Work instruction> Without carrying over a single picture, write out the records below exactly.

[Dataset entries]
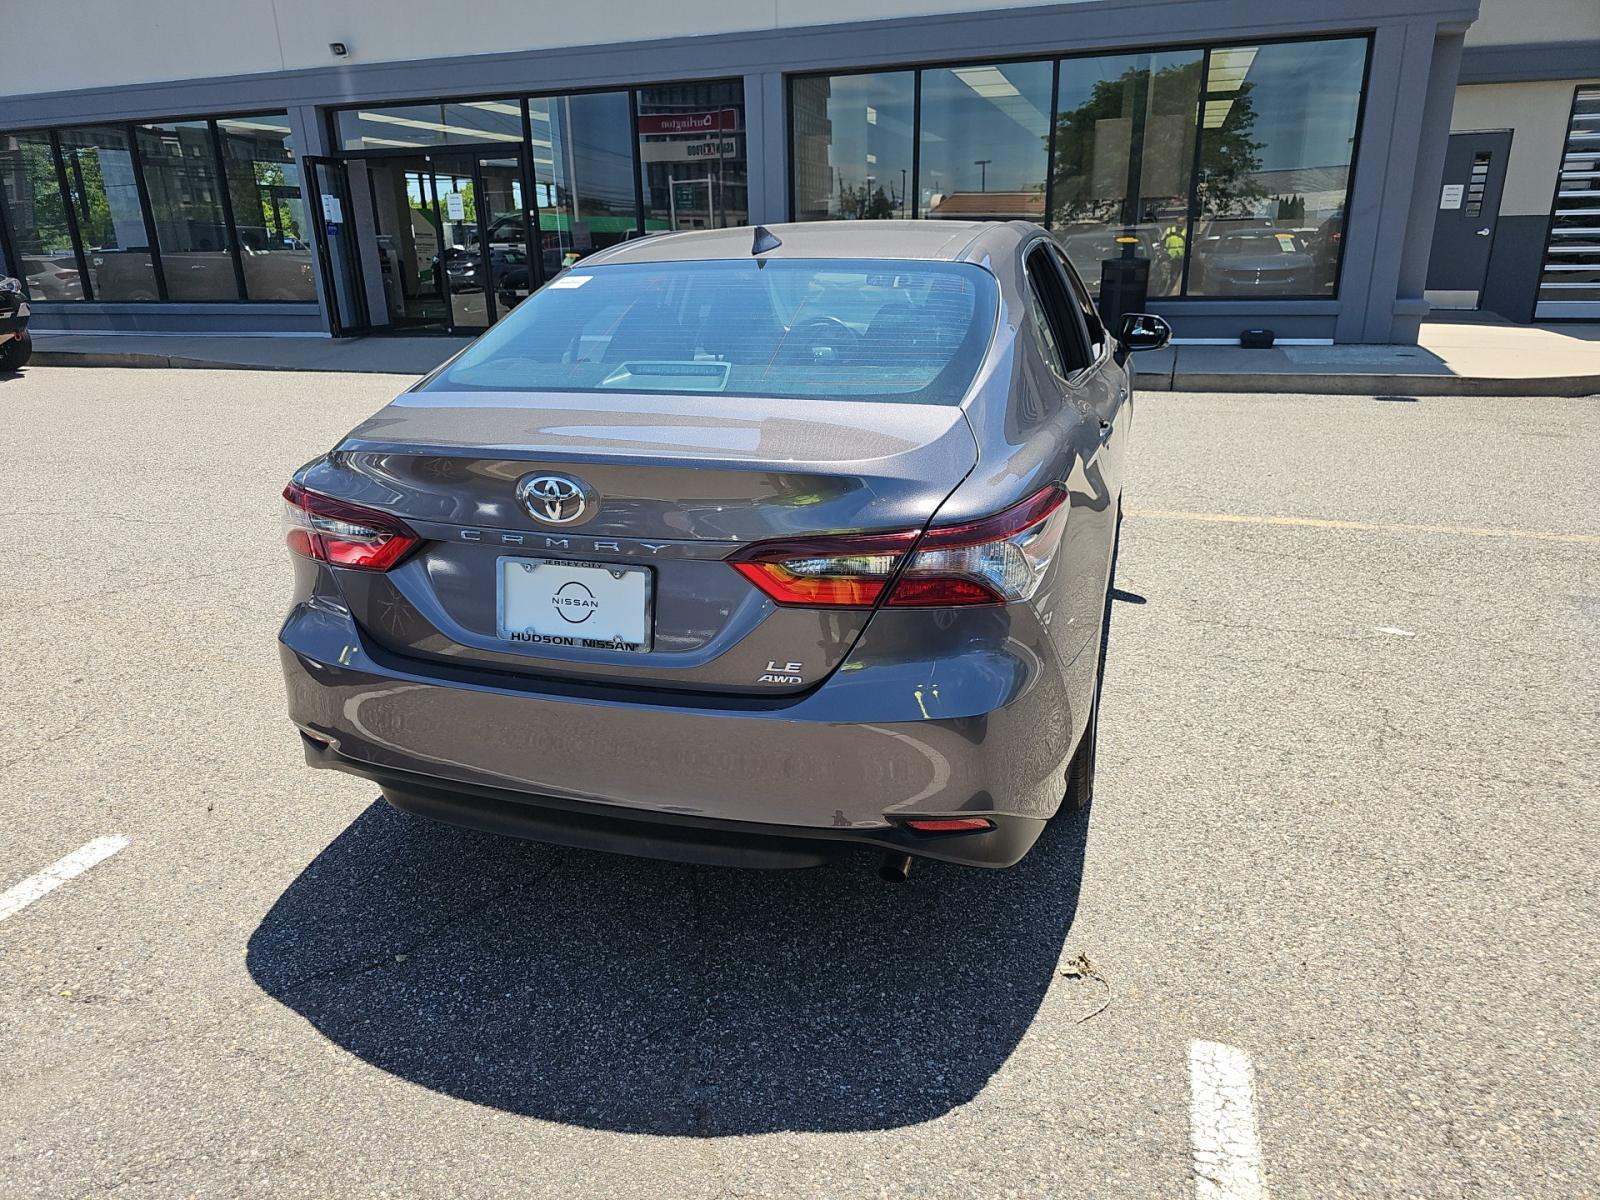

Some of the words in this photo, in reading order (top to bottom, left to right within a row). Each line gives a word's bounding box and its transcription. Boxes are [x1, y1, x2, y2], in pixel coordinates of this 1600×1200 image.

[460, 529, 672, 554] CAMRY
[543, 559, 578, 567] JERSEY
[581, 561, 602, 569] CITY
[552, 597, 599, 608] NISSAN
[511, 632, 574, 646] HUDSON
[582, 638, 636, 651] NISSAN
[765, 661, 803, 673] LE
[757, 674, 802, 684] AWD
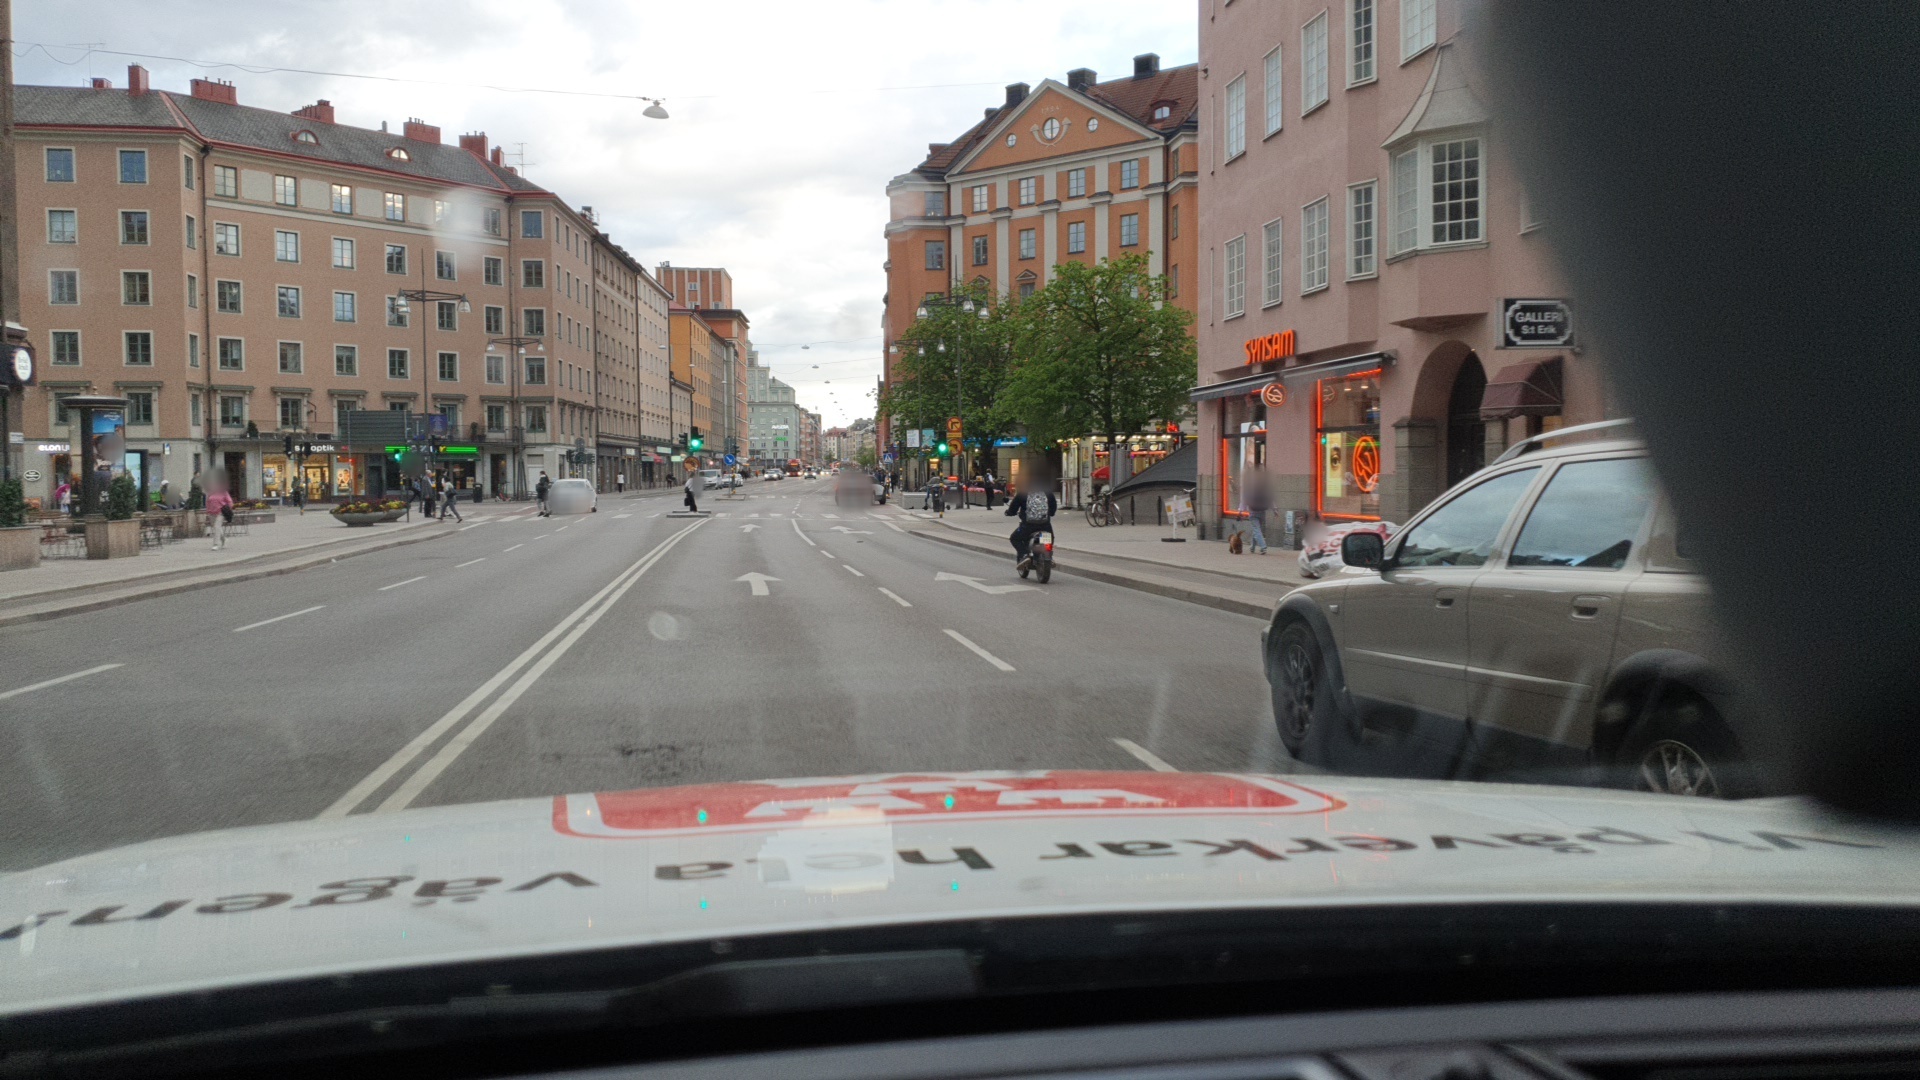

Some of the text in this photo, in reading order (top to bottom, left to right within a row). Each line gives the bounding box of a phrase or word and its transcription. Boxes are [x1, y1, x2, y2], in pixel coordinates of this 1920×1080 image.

[1515, 311, 1565, 323] GALLERI
[1537, 325, 1557, 334] Erik
[1244, 329, 1295, 365] SYNSAM
[294, 445, 335, 453] soptik
[1037, 825, 1673, 863] påverkar
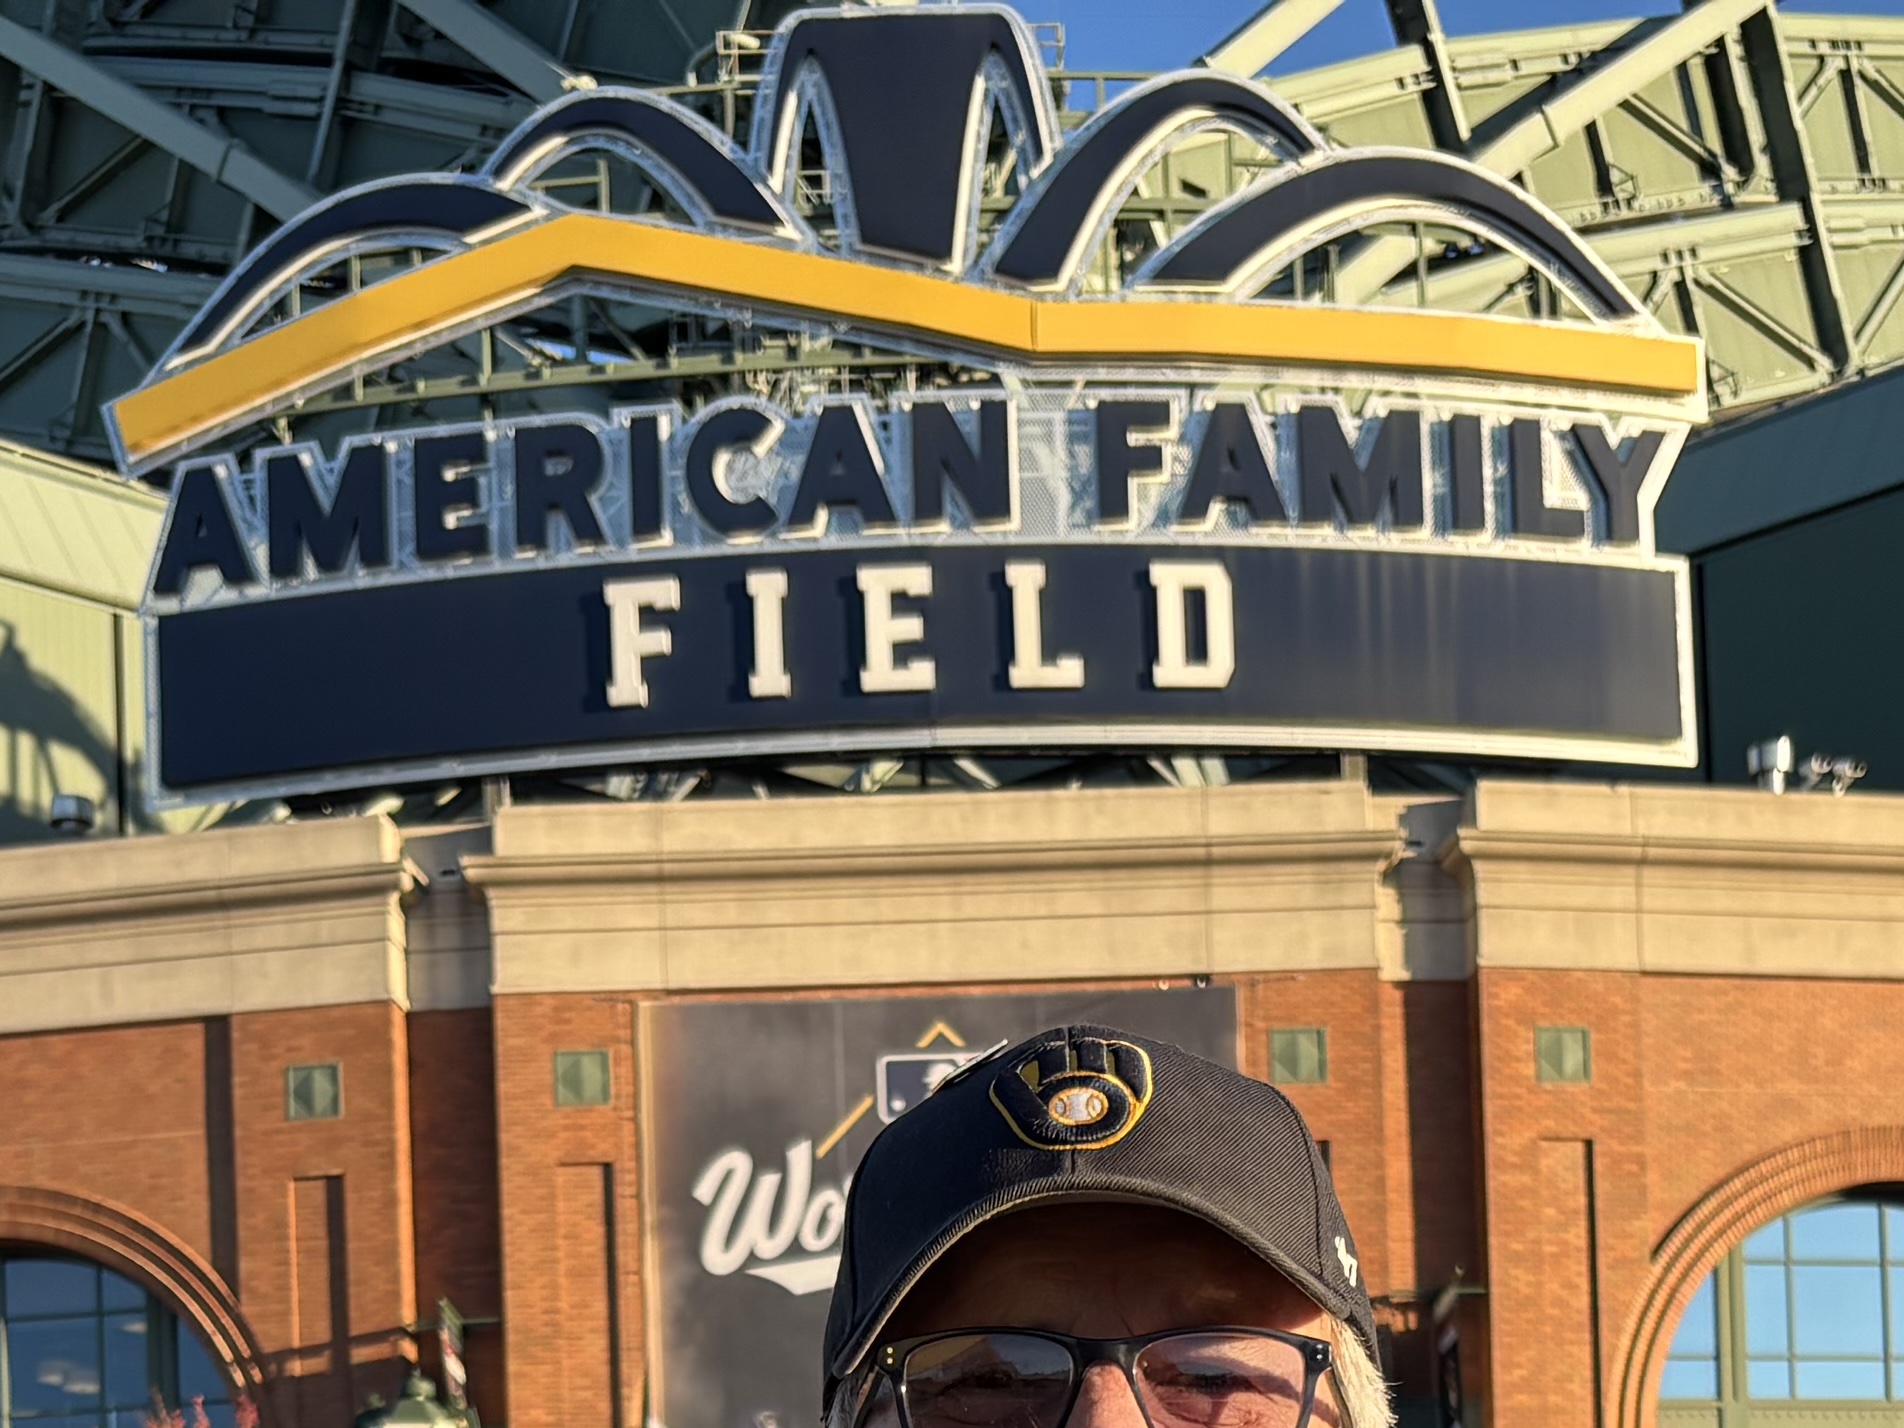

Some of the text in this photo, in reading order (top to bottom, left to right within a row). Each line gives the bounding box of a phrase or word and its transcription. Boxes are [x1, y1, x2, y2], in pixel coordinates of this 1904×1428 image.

Completed task>
Some of the words in this photo, in reading order (top to bottom, left to right within a row). Each line gives a word's bounding box and its transcription. Boxes are [x1, y1, x2, y2], in pixel coordinates of this 1600×1200 image.

[460, 529, 672, 554] CAMRY
[543, 559, 578, 567] JERSEY
[581, 561, 602, 569] CITY
[552, 597, 599, 608] NISSAN
[511, 632, 574, 646] HUDSON
[582, 638, 636, 651] NISSAN
[765, 661, 803, 673] LE
[757, 674, 802, 684] AWD

Some of the text in this photo, in reading order (top to bottom, left to right within a row). Each line gives the bounding box of a phrase or word and its transcription. Boxes are [x1, y1, x2, y2], in pixel coordinates of this 1920×1080 image.

[1515, 311, 1565, 323] GALLERI
[1537, 325, 1557, 334] Erik
[1244, 329, 1295, 365] SYNSAM
[294, 445, 335, 453] soptik
[1037, 825, 1673, 863] påverkar

Some of the text in this photo, in reading order (top to bottom, left to right within a row). Each line gives the bounding box of a phrase or word and its transcription. Boxes are [x1, y1, x2, y2], in pixel coordinates of this 1904×1428 image.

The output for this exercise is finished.